El tiempo es una convención inventada por el ser humano. La prueba irrefutable de ello es que ninguna persona siente el tiempo: todos necesitamos algo externo a nosotros que nos hable del tiempo, necesitamos un reloj o un calendario, herramientas que tienen su utilidad para facilitarnos la organización de nuestro día a día. Pero todos sabemos por experiencia propia que diez minutos pueden hacerse muy largos o muy breves en función de cómo los estemos viviendo.
El problema viene cuando nos dejamos abducir por este invento. Lo mismo sucede con el lenguaje. Todos nacemos en silencio y todos desencarnamos en silencio. Nuestro lenguaje natural es el silencio. Al inicio de nuestra vida nos enseñan un idioma, que es muy útil y nos facilita el poder comunicarnos, pero ese idioma, el lenguaje, no es algo innato. Y el mundo del lenguaje también nos abduce: no somos capaces de observar algo sin poner una palabra por delante, con lo que muchas veces nos conformamos con la palabra que le ponemos al objeto y no entramos en él, no profundizamos en su contenido. Por ejemplo, estamos paseando y vemos un árbol. Al verlo, ponemos la palabra árbol sobre él y, a partir de ahí, no lo miramos realmente. Nos conformamos con denominarlo árbol, sin más, olvidando que ningún árbol, incluso de una misma especie, es igual a otro. Las palabras crean a menudo una pantalla que hace que no te metas en la experiencia; generan una distancia entre tú y lo que estás viendo. El lenguaje es una creación mental, como que el tiempo; y, al igual que este, nos abduce y nos hace perder consciencia.

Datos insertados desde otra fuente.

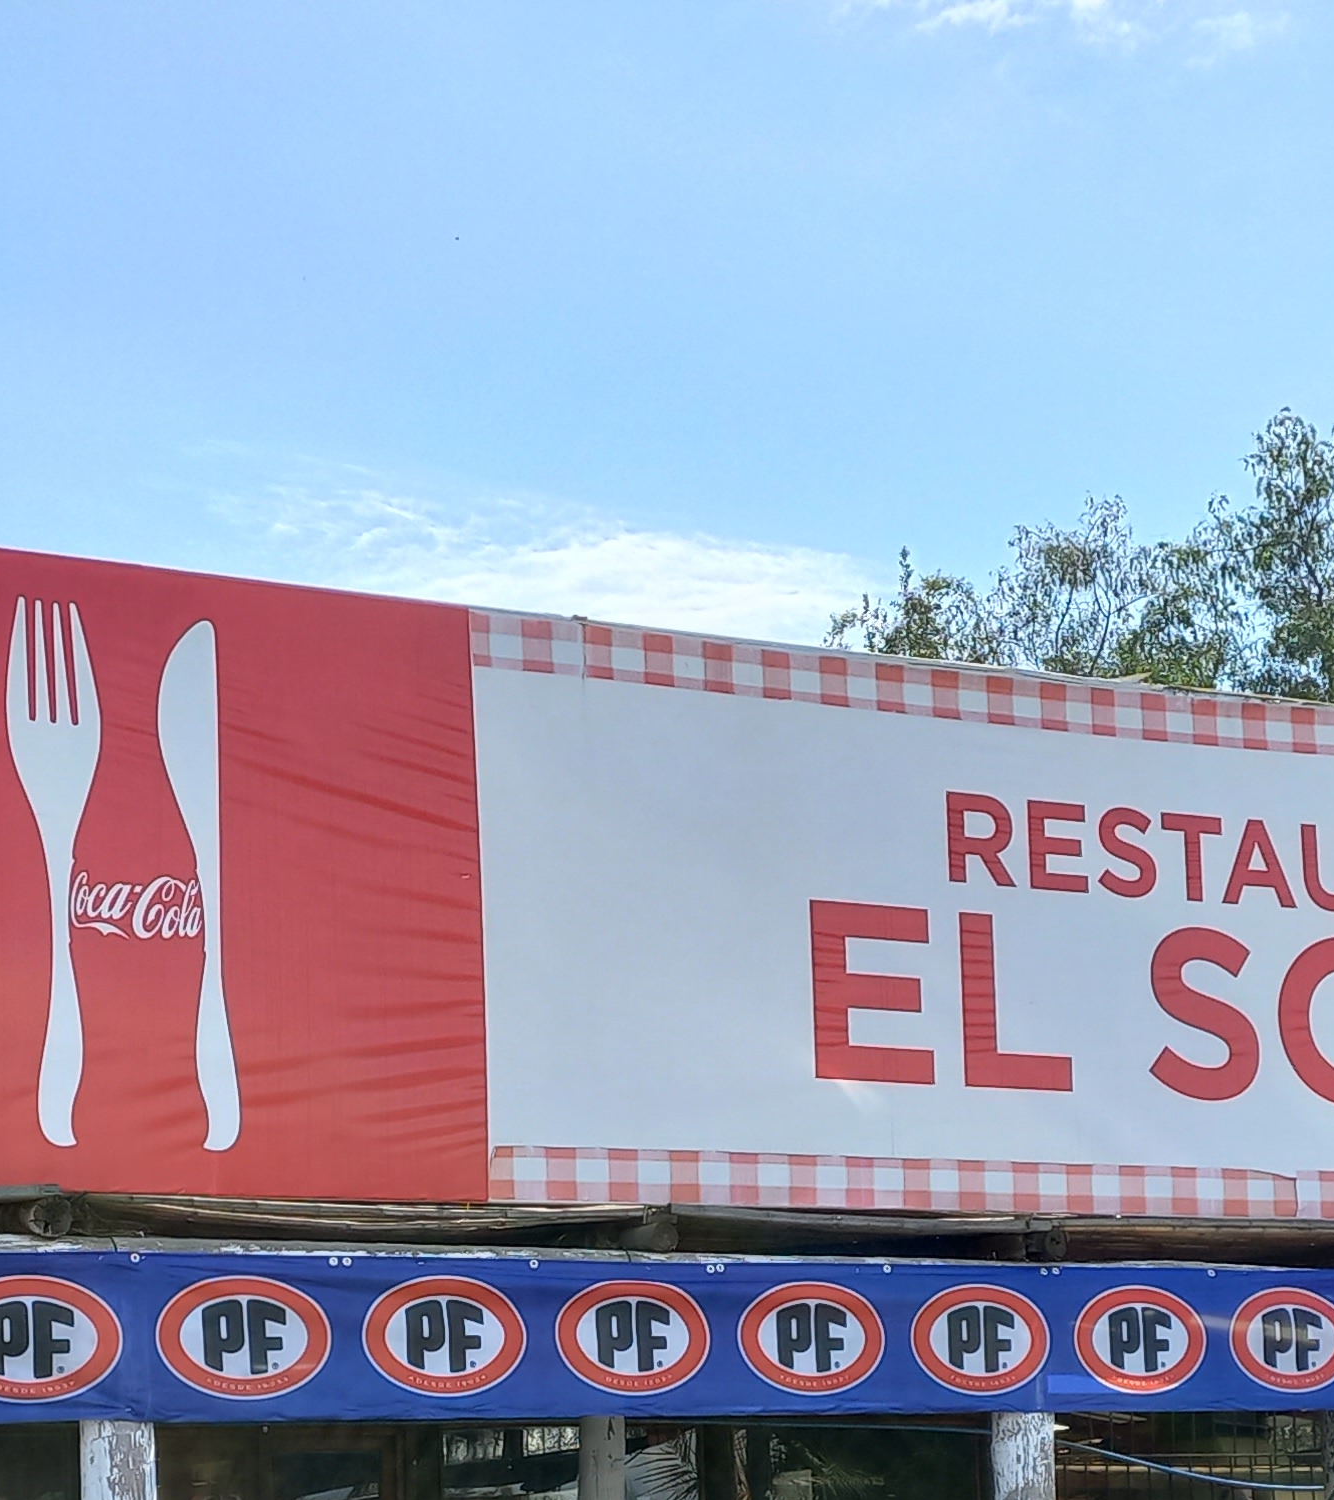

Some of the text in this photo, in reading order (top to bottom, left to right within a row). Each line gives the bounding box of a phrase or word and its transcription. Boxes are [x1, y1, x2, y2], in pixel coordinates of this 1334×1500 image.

[70, 871, 203, 940] Coca-Cola
[808, 898, 1074, 1093] EL
[201, 1298, 287, 1375] PF
[404, 1300, 485, 1374] PF
[595, 1300, 671, 1372] PF
[775, 1302, 848, 1373] PF
[946, 1305, 1016, 1373] PF
[1107, 1306, 1173, 1373] PF
[1261, 1308, 1324, 1372] PF

Cuando estamos en el aquí-ahora experimentamos lo que yo denomino el “acto de pensar”. El problema es que, como creemos en el tiempo, el acto de pensar en multitud de ocasiones lo convertimos en el “proceso de pensar”, que es cuando tú ya no estás en lo que estás viviendo, sino que empiezas a pensar en cosas ajenas a lo que estás viviendo, que están ligadas con nuestra creencia en el tiempo y que se caracterizan tanto por su ficción, como por su dolor.

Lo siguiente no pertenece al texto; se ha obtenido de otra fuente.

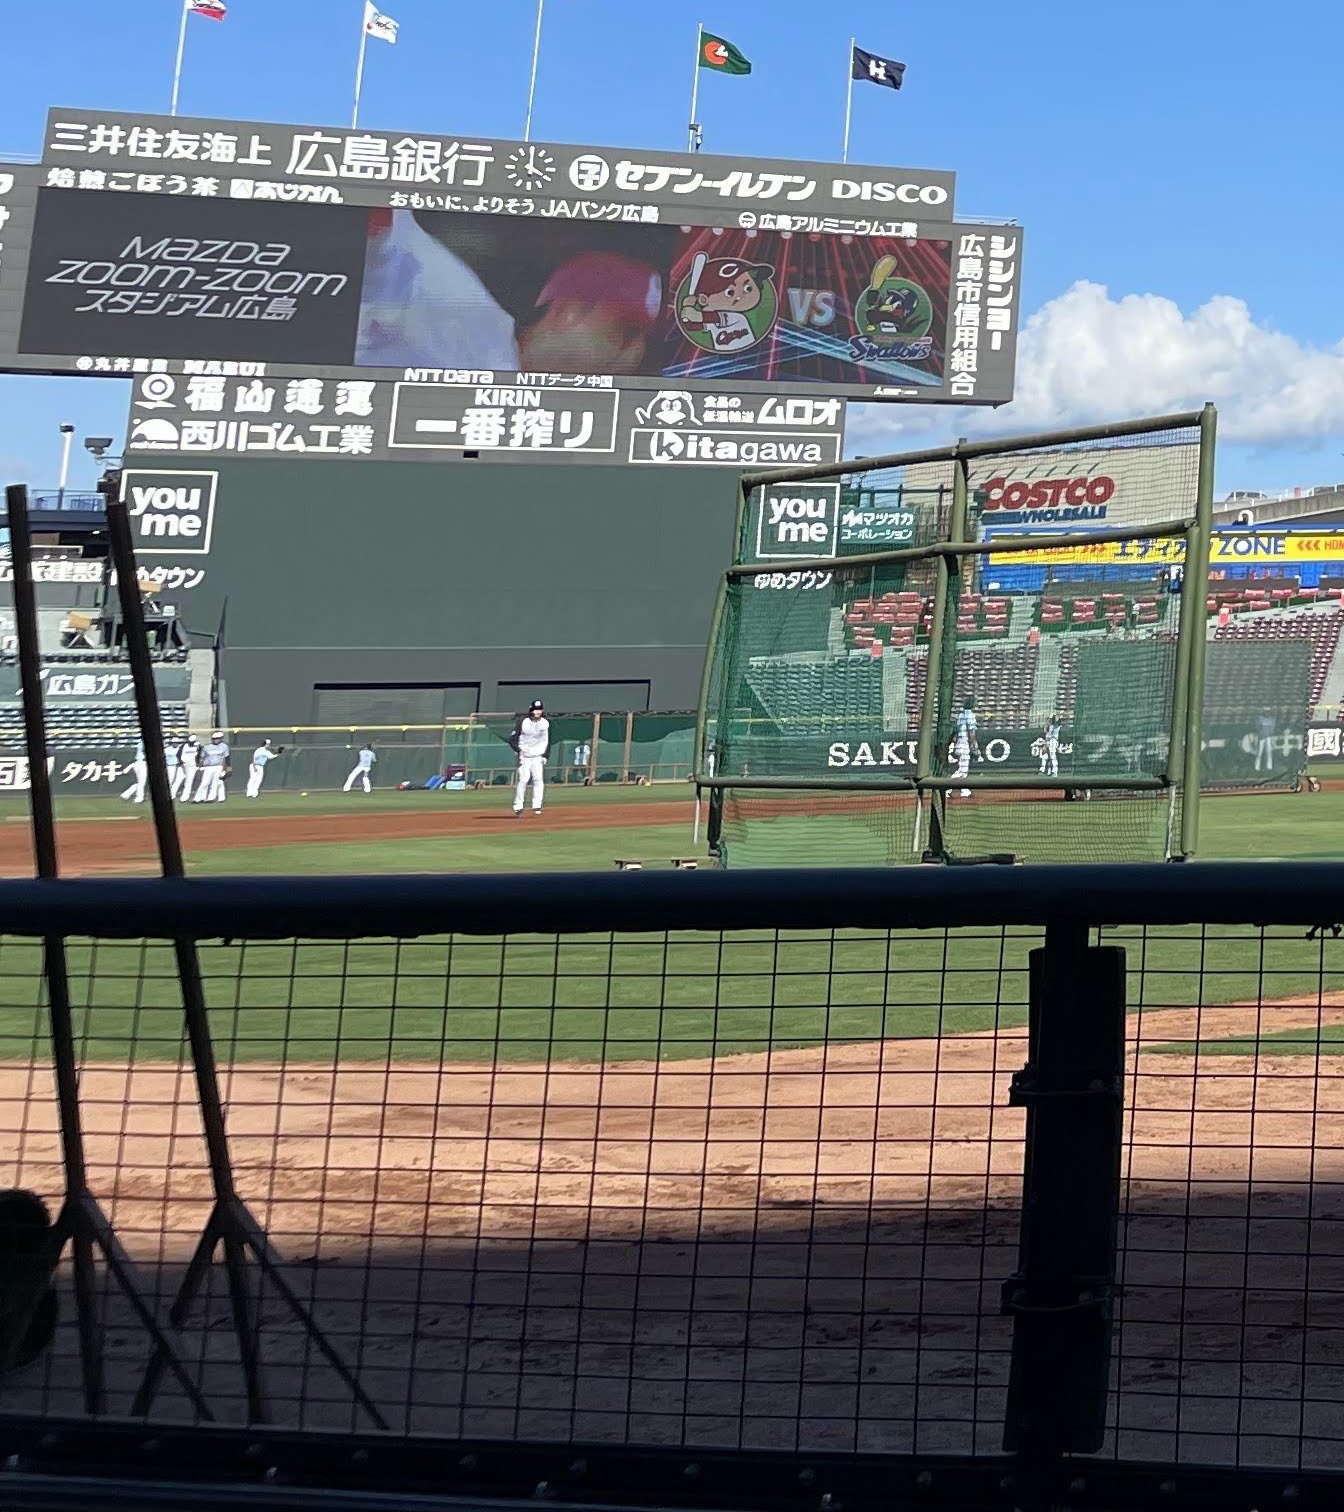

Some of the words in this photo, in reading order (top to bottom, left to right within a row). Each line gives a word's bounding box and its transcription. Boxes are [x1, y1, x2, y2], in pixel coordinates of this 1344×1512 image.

[50, 122, 272, 167] 三井住友海上
[284, 131, 495, 188] 広島銀行
[253, 180, 344, 204] あじかん
[831, 178, 949, 206] DISCO
[388, 191, 536, 215] おもいに、よりそう
[540, 199, 660, 224] JAバンク広島
[758, 213, 919, 238] 広島アルミニウム工業
[74, 288, 299, 322] スタジアム広島
[987, 235, 1017, 350] シシンヨー
[787, 289, 836, 326] VS
[949, 234, 987, 396] 広島市信用組合
[183, 359, 266, 377] MARUI
[516, 372, 613, 388] NTTデータ中国
[184, 376, 376, 417] 福山通運
[474, 389, 541, 407] KIRIN
[757, 398, 842, 426] ムロオ
[180, 420, 375, 455] 西川ゴム工業
[415, 408, 594, 448] 一番搾り
[129, 486, 201, 515] you
[982, 475, 1115, 510] COSTCO
[769, 498, 826, 524] you
[863, 512, 914, 526] マツオカ
[1019, 505, 1107, 523] WHOLESALE
[140, 513, 201, 537] me
[777, 521, 828, 542] me
[840, 529, 913, 540] コーポレーション
[1217, 537, 1285, 555] ZONE
[754, 571, 833, 589] ゆめタウン
[828, 741, 1011, 765] SAKUO

Es un poco increíble porque si nos inventáramos cosas que nos son gratificantes aún tendría un sentido, pero en la mayoría de las ocasiones nos vamos al pasado y tenemos sentimientos de culpa, de error, de carga... sentimientos que nos atenazan. Sin embargo, el pasado no existe: existió cuando fue presente; y como fue presente, se incorporó a nosotros. Todos llevamos incorporados cada momento de nuestras vidas. Es absurdo trasladarse mentalmente cinco años atrás porque lo que viviste en aquel momento se incorporó a ti, tuvo su sentido en tu proceso conciencia, hiciste en su momento lo que debías hacer fruto de tu estado de consciencia de aquel momento y como experiencia se incorporó a ti.

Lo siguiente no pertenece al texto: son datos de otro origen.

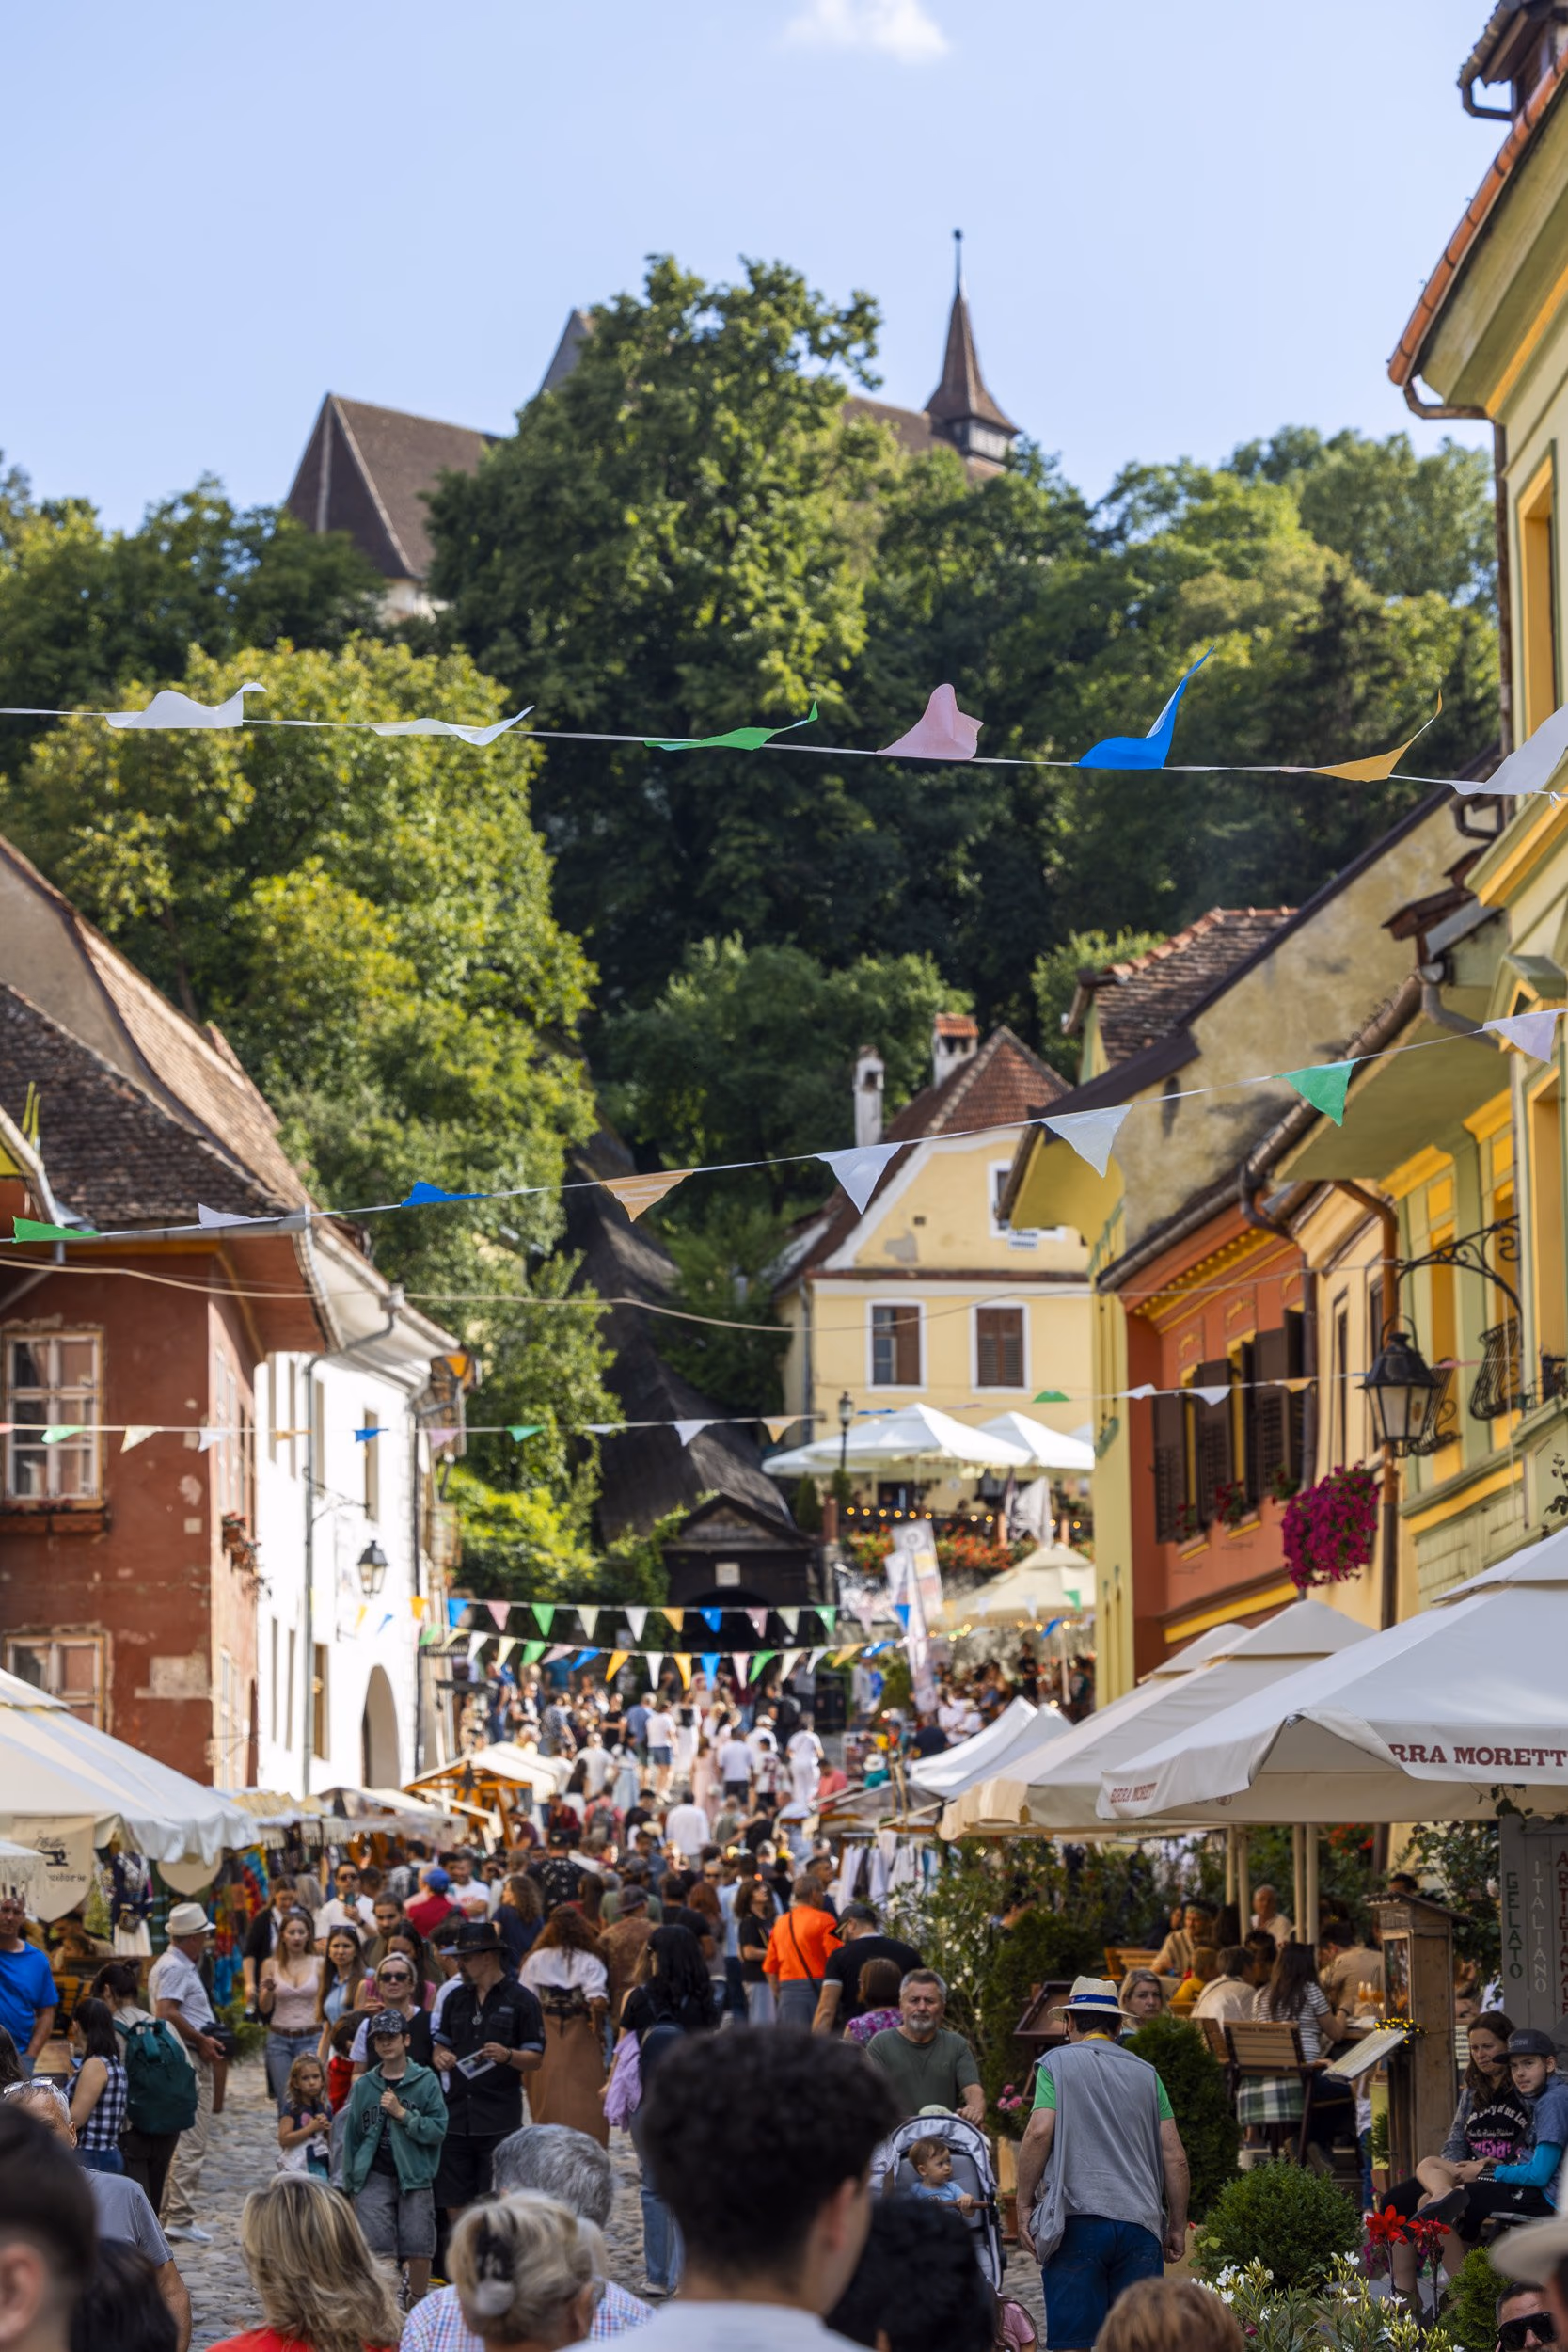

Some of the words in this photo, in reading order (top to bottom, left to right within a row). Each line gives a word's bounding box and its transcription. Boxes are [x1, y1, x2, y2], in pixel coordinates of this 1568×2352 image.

[1453, 1746, 1568, 1767] MORETT
[1506, 1871, 1523, 1979] GELATO
[1532, 1860, 1546, 1993] ITALIANO

Al fin y al cabo, somos como un edificio que se va construyendo piso a piso, experiencia a experiencia, y cada experiencia está en el edificio y ayuda a sostener a las siguientes. Cuando decimos “es que me equivoqué, me arrepiento y ojalá pudiera quitar esa experiencia de mi vida...” Pues bien, si realmente la quitaras, ya no serías como eres: si de un de muchas plantas elimina una, el edificio de derrumba. Para colmo, cuando llevamos la mente al pasado su funcionamiento es selectivo e interpretativo: se acuerda de lo que le interesa y de la forma que le interesa. Por ejemplo, dos personas que recuerdan una misma situación siempre tienen visiones distintas de lo que pasó; lo que ocurrió fue lo que ocurrió, pera cada una se acuerda de aspectos distintos y en los que coinciden suelen existir interpretaciones distintas. El pasado no existe, es una creación mental y, por tanto, depende de nuestra mente.